Creative Mountain Games
I think LotR is S&S/Heroic fiction. I'm not into anime but I know some folks older than me who are. I think there is less of a generation gap and more of a style/taste gap that modern D&D is attempting to crossover.
 

S

shurai

Guest
Arrgh! Mark! said:
I was just reading the Anime thread and a poster mentioned that there's a generation gap in RPGs - the older gamers being S+S junkies and the newer ones being anime/LOTR visual junkies.

Lord of the Rings visual junkies . . . but, how can that be? The book has roughly three pictures, two of them are maps with a lot of text on them, and the third is an illustration of a door covered with writing. ; ] More seriously, I take your point.

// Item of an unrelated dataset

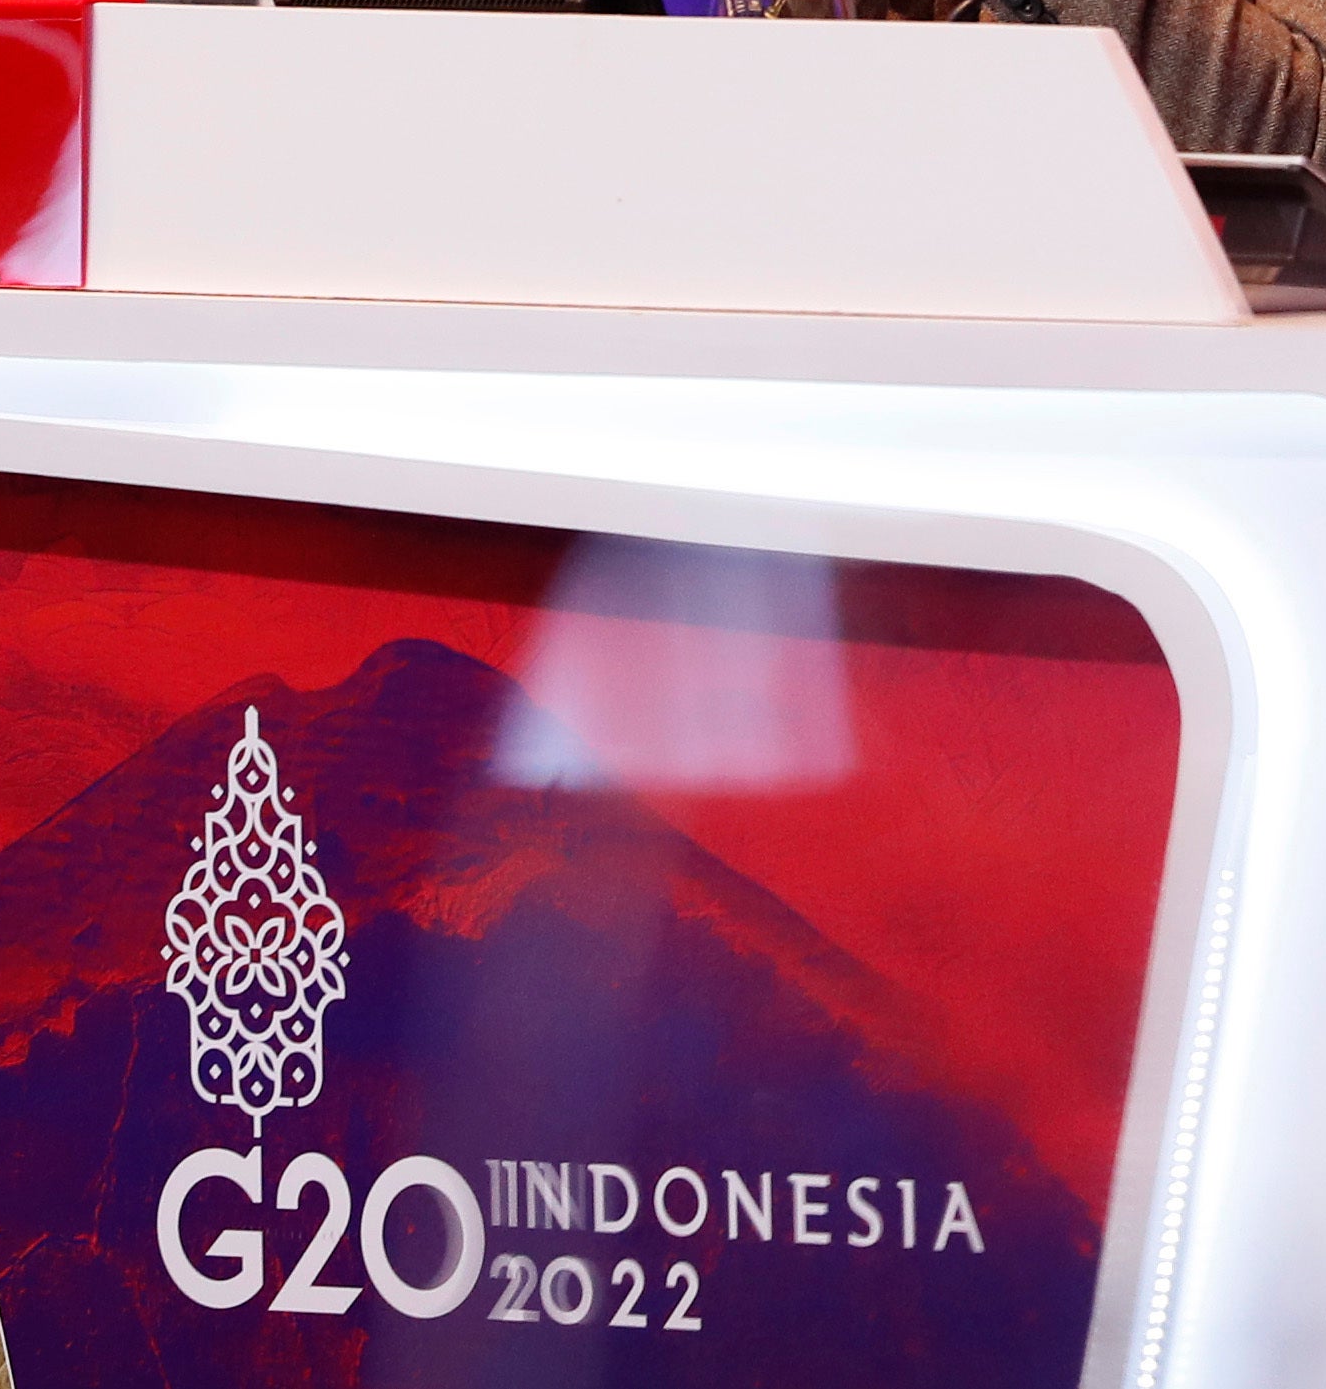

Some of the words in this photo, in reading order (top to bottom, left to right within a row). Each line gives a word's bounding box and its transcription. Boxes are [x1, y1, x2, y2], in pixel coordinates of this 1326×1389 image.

[156, 1145, 486, 1319] G20
[485, 1158, 986, 1254] INDONESIA
[486, 1253, 703, 1332] 2022

Film and television (to say nothing of video games) have grown to be more of a visual spectacle in recent years.

Still, my take on it is one of gradual change: D&D was invented only a couple of years before Star Wars was released, and the 70s were famous for their highly visceral action-adventure and disaster films. So, I think you're right, but by a matter of degree, since the 70s and 80s gamers would have already been pretty "visual" to begin with.

I was just thinking - are games changing due to this generation gap? Do we have a marked explosion in a more visual game than a well scripted for the verbal game?

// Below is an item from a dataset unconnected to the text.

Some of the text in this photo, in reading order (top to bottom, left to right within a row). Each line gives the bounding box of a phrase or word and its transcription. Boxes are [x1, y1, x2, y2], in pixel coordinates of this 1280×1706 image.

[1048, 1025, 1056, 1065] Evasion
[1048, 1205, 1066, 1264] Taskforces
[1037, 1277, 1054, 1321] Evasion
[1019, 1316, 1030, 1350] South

Being an english teacher, I can say my kids are more often than not visual in their writing and creating style. Ask them to write a story and they write what would look excellent in a movie (exploding spaceships or what not) non-visual stimulus is less exciting. The exploding spaceship thing applies - an exploding spaceship in a novel is not awe inspiring at all.

What do we think, guys? In a visual-less game, are we becoming more visual oriented?

I dunno, I think kids are going to produce kid-writing. Fifty years ago I'm sure teachers lamented their students' immature writing -- full of cowboys and indians and shoot-outs, or possibly ray guns and flying saucers.

I've read several very good science fiction novels that feature an extremely visceral, kinetic, and primarily visual writing style. Early Stephenson, or William Gibson, for instance. Exploding spaceships can be pretty interesting if the author knows what he's doing, and the critics agree. Neuromancer, which does actually feature several exploding spaceships, if memory serves, won the so-called triple crown of sci-fi literature (the Hugo, Nebula, and Philip K. Dick Memorial Awards). This was in 1984 by the way.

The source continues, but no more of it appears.